Tumor de células de la Granulosa. Neoplasia estromal de los cordones sexuales. Revisión de la literatura, a propósito de dos casos clínicos.

Abstract

Tumors of the granulosa cells refer to a set of neoplasms derived from the stromal tissue of the sex cords, secretory of estrogens. They correspond to 1-5% of all malignancies of the ovary, though they may have extraovarian locations. These tumors are rare and uncommon, whose general incidence may vary from 0.4 to 1.7 cases per 100,000 women per year. They are classified into two groups depending on the age of the patients, their natural history and their pathogenic characteristics: adult type tumors of the granulosa cell (AGCT) or juvenile type (JGCT).
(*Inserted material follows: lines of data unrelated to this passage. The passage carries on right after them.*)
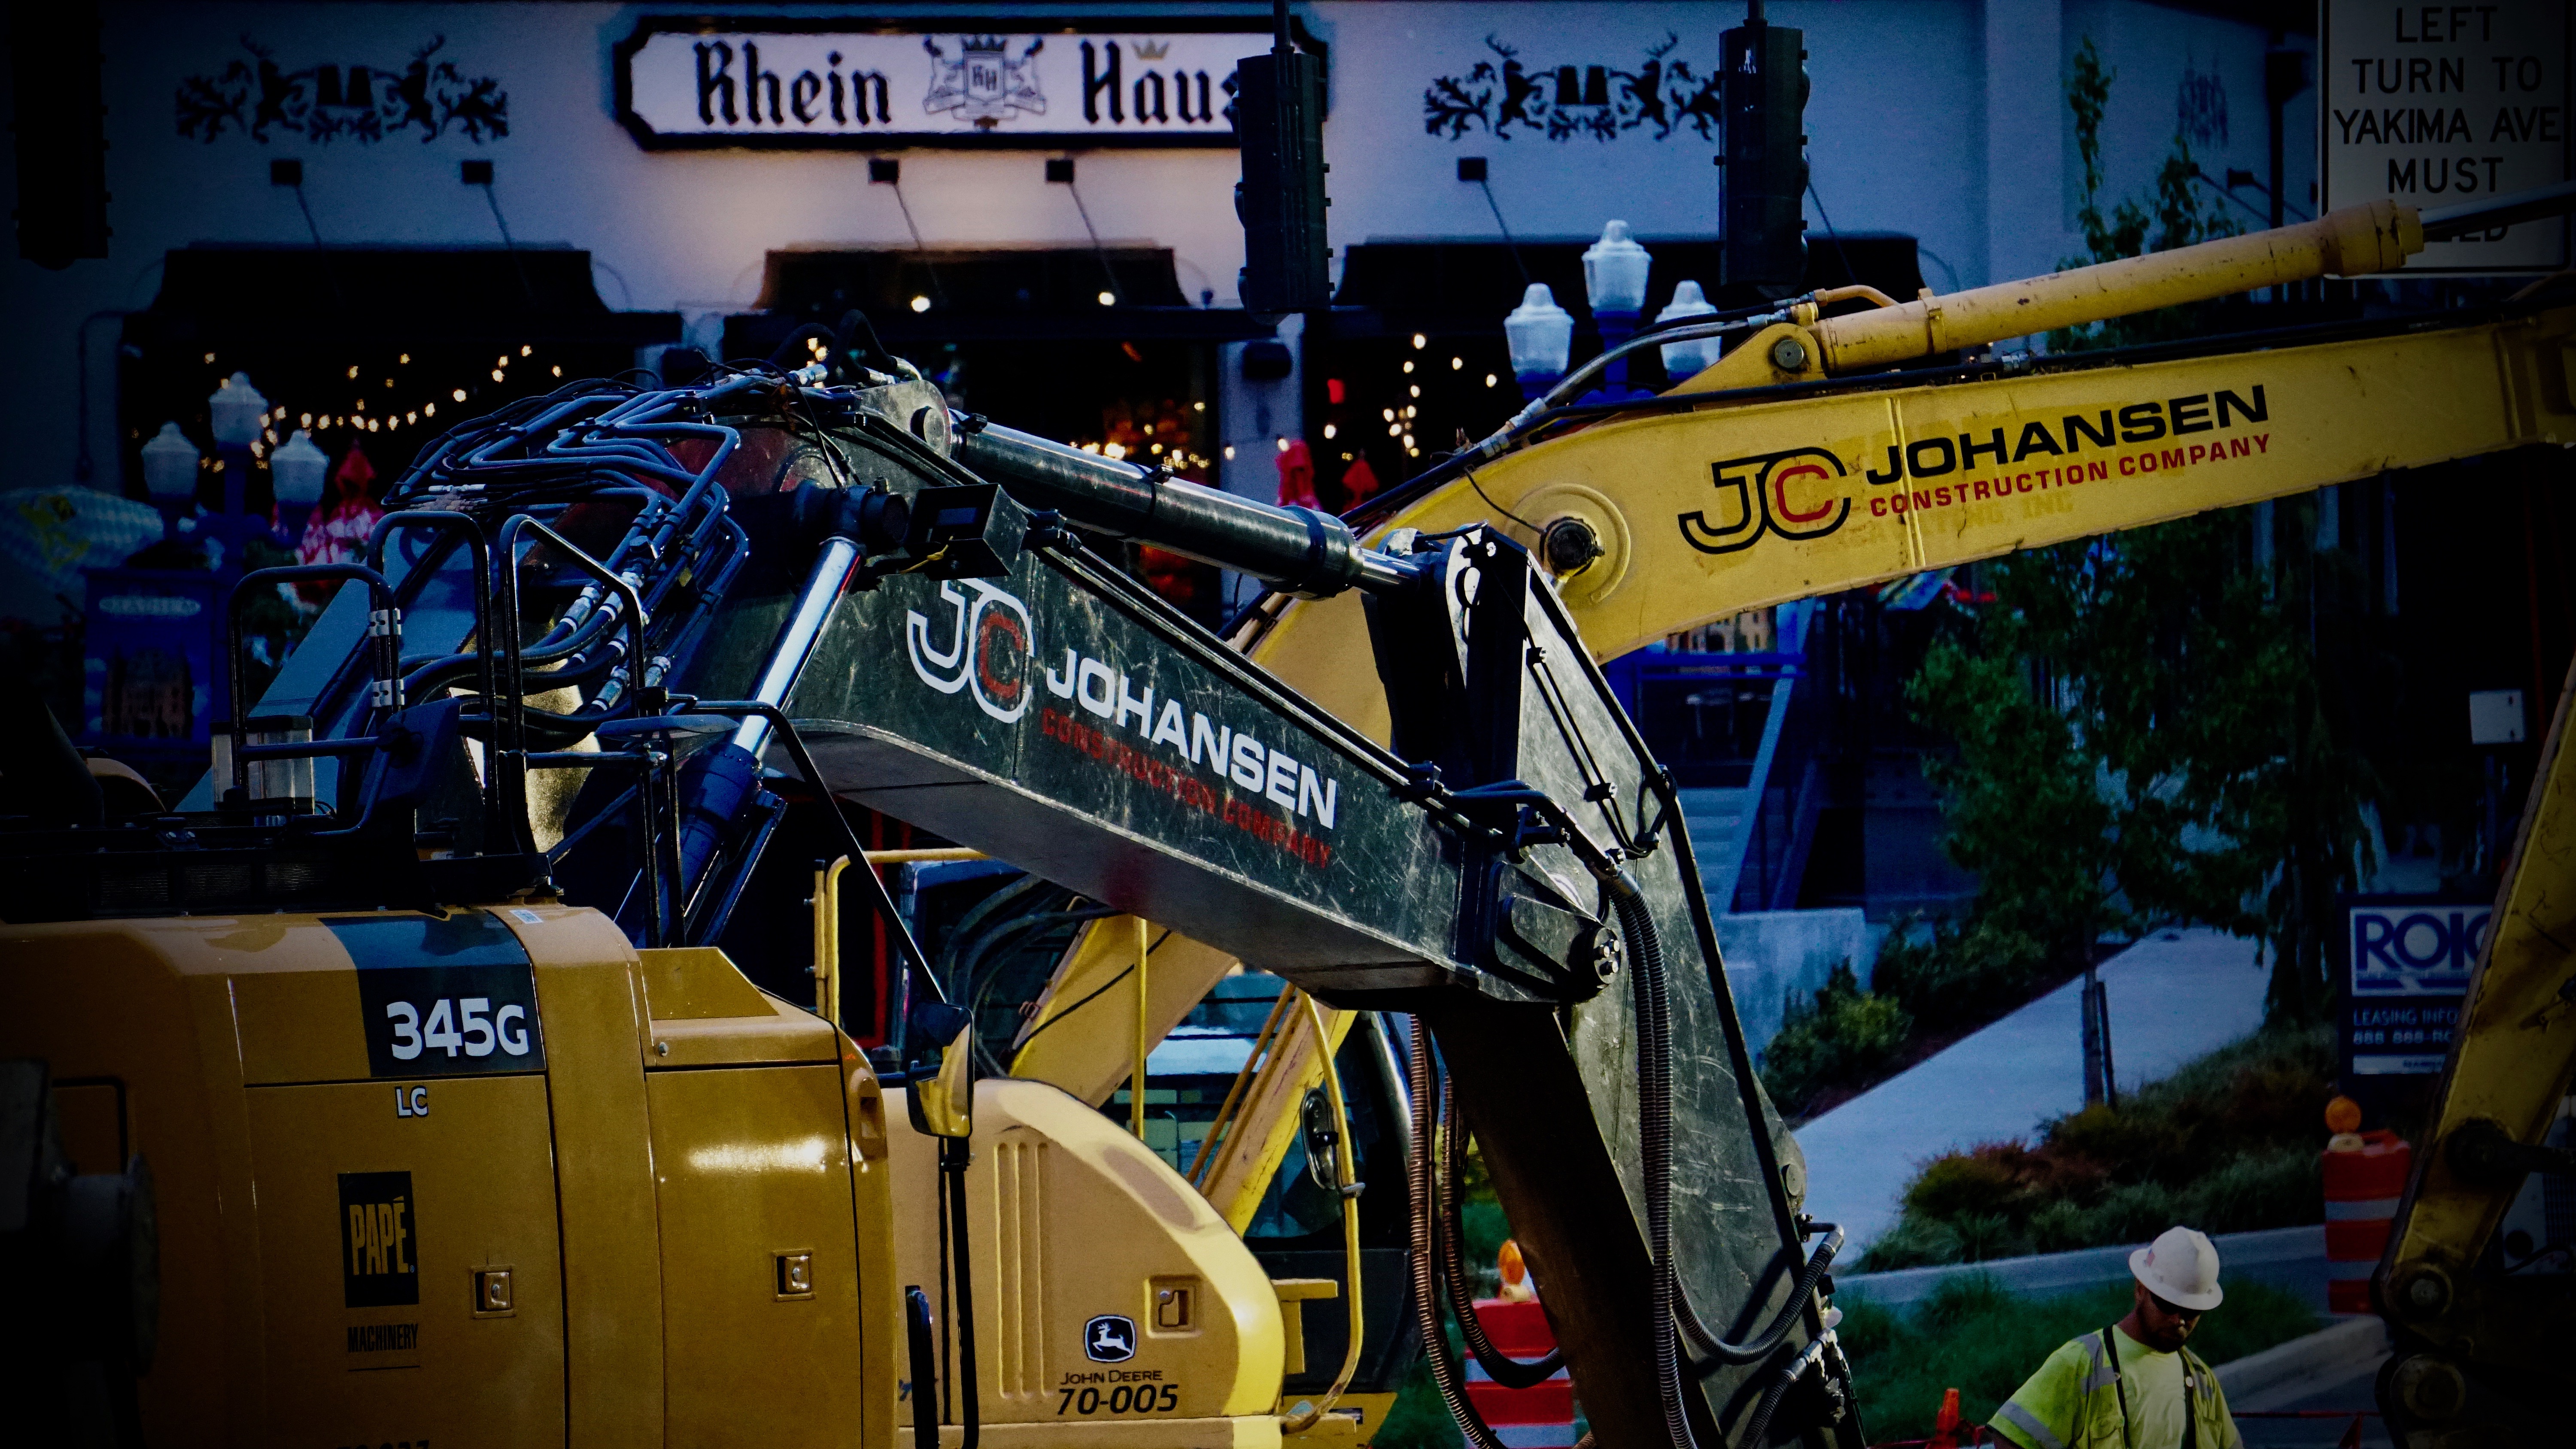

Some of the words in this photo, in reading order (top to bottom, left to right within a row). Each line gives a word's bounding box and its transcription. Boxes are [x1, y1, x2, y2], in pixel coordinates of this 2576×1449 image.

[2396, 6, 2497, 42] LEFT
[693, 39, 892, 126] Rhein
[2351, 58, 2464, 94] TURN
[2492, 56, 2542, 92] TO
[2333, 108, 2472, 144] YAKIMA
[2490, 106, 2561, 142] AVE
[2388, 157, 2504, 193] MUST
[1866, 385, 2269, 486] JOHANSEN
[1870, 460, 2109, 517] CONSTRUCTION
[2119, 434, 2270, 477] COMPANY
[1047, 649, 1337, 830] JOHANSEN
[1042, 708, 1218, 815] CONSTRUCTION
[1222, 797, 1332, 869] COMPANY
[386, 998, 529, 1060] 345G
[2353, 1007, 2417, 1026] LEASING
[396, 1087, 428, 1118] LC
[349, 1196, 410, 1276] PAPÉ
[348, 1324, 418, 1353] MACHINERY
[1060, 1372, 1105, 1385] JOHN
[1109, 1370, 1163, 1383] DEERE
[1058, 1384, 1179, 1416] 70-005
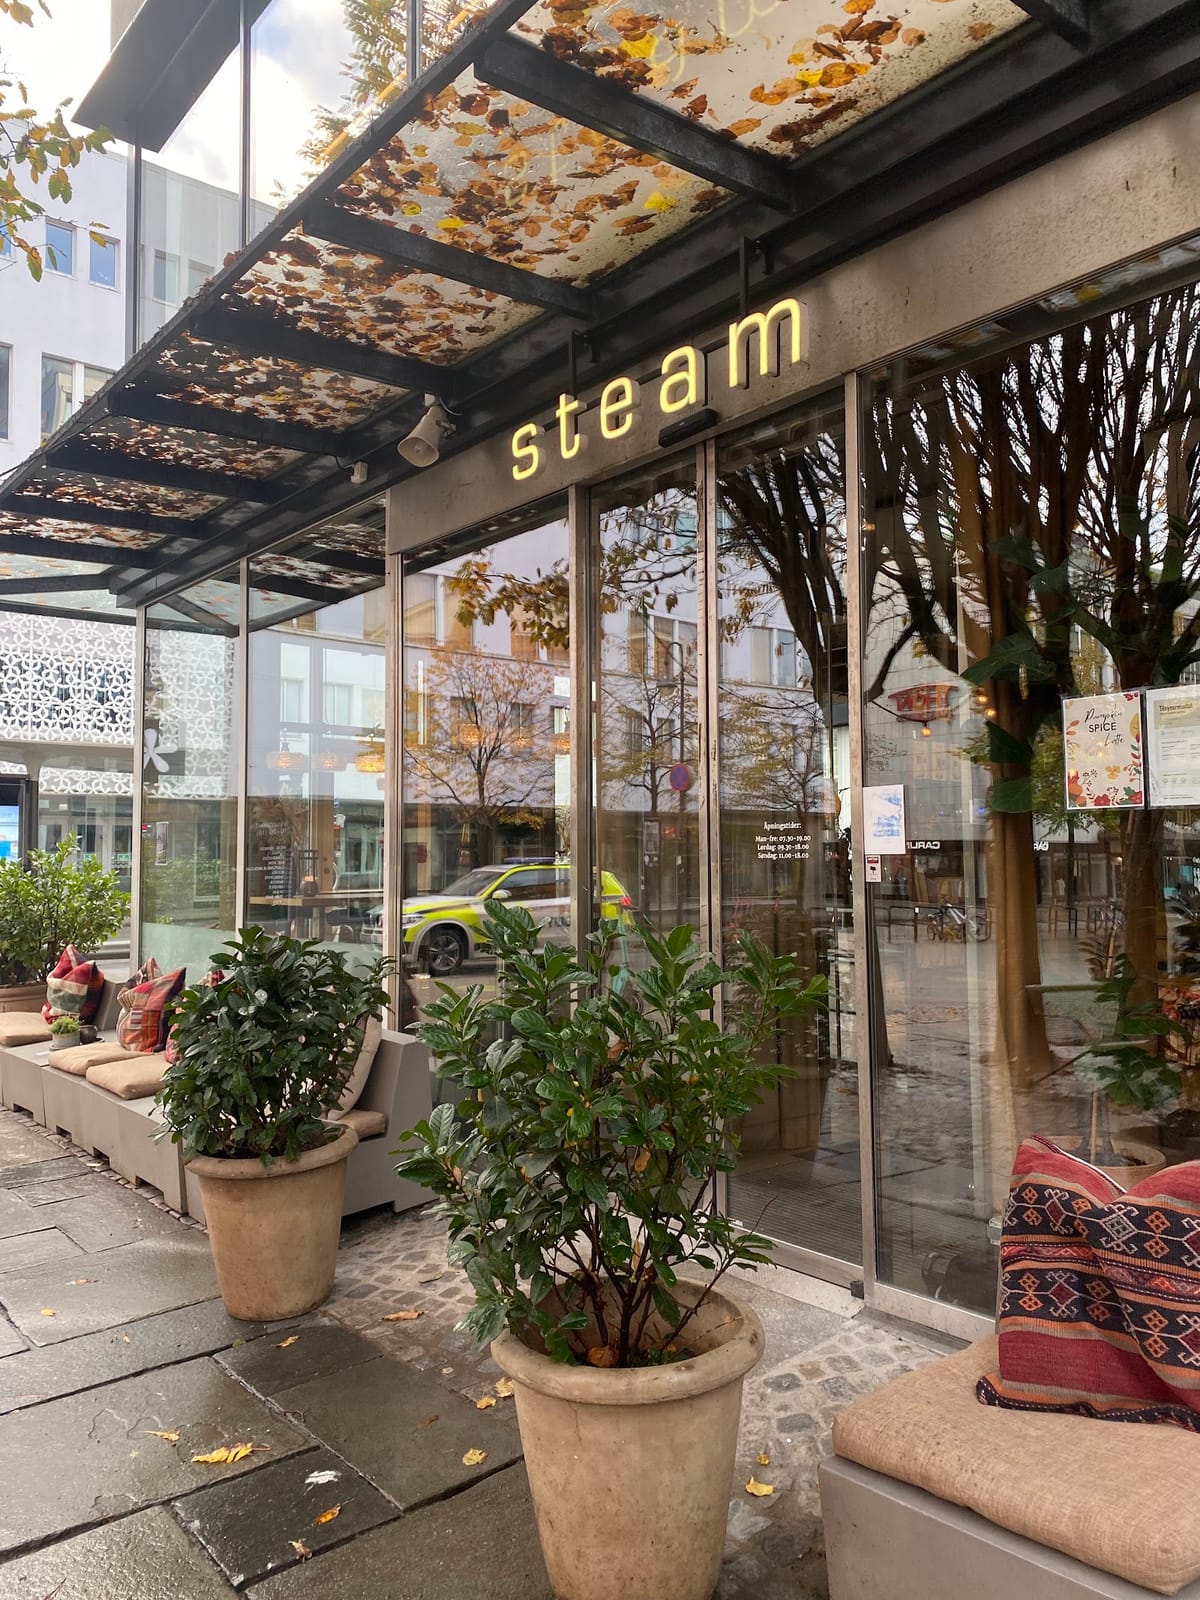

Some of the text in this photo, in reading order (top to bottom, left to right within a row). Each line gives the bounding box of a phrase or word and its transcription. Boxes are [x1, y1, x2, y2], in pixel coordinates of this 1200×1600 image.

The diagnosis of this rare pathology is based on the study of clinical manifestations and confirmation through image tests, and also on tumor markers tests and the immunohistochemical study of biological samples. In the therapeutic handling of the early stages of the disease (5-year survival greater than 90% in stage I), surgical treatment via hysterectomy with bilateral adnexectomy in patients with AGCT and met genesic perspectives is recommended; for the cases of JGCT or for those patients without progeny, preserving the unilateral adnexectomy is justified (although completion of the treatment is recommended at later stages). Postoperative systemic chemotherapy is practiced when there is extraovarian extension or recurrence of the disease. The rate of relapse (considered one of the main factors of poor prognosis), is high in advanced stages, although the probability of developing distant metastasis is low.